I’m not sure how this contradiction came to widespread attention, but it did. Around Jan. 20, teacher and writer Anne Lutz Fernandez started asking on Twitter why the College Board had been silent on the anti-CRT campaign. Some of her followers noted that Huston was promoting HB 1134 while drawing a big paycheck from the College Board. About the same time, voting-rights activist Santiago Mayer went on a tear, launching a #FireToddHuston hashtag on Twitter. The issue seemed to reach critical mass on Feb. 7, when Judd Legum wrote about Huston on his accountability news site Popular Information. When Indy Star reporters reached out to the College Board for comment, they learned Huston was no longer working there.

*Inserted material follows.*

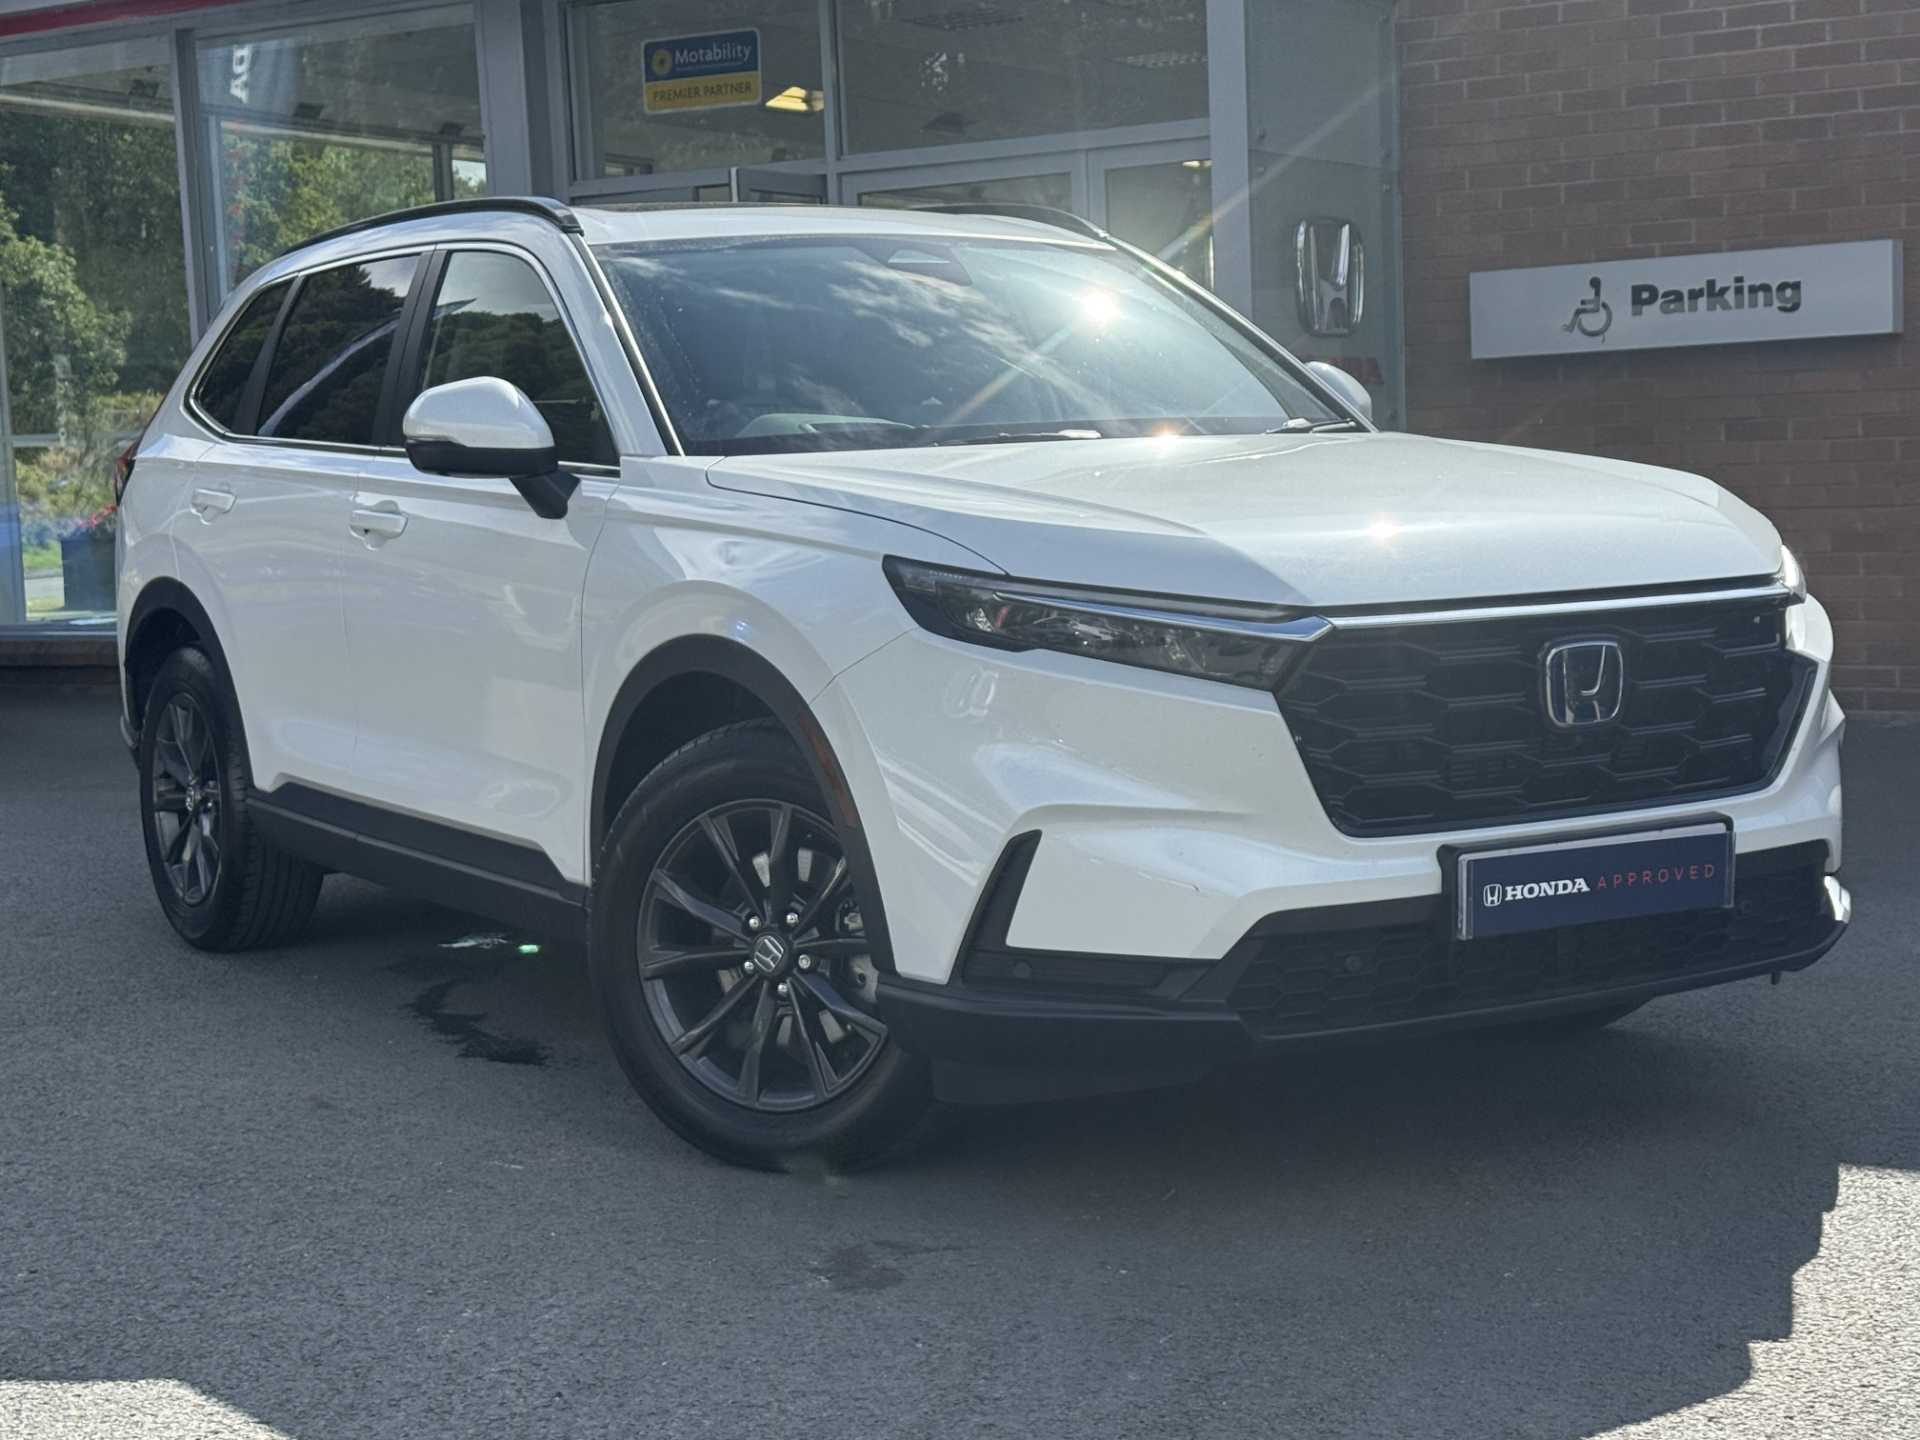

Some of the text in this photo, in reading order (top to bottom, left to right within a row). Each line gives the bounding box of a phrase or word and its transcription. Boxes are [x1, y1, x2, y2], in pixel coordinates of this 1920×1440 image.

Huston issued a statement saying he left voluntarily after contemplating “how I could best balance the tremendous level of responsibility required in my substantial role at the College Board and as a public servant.” But balancing the jobs apparently wasn’t a problem for 10 years. And Huston has held the job of speaker since May 2020, so those duties weren’t new. As Indy Star columnist James Briggs wrote, “People who hold $460,000-a-year jobs don’t want to give them up.”

Until this month, the College Board apparently had no problem with Huston’s balancing act. It was happy to pay him a nearly half-million-dollar salary even while he spent months on end tending legislative business. (His compensation as a legislator in 2021 was $76,586).

Detail from College Board IRS Form 990 from 2019 (Source: Guidestar)

Here’s the thing: Few people have had a greater influence on Indiana education policy.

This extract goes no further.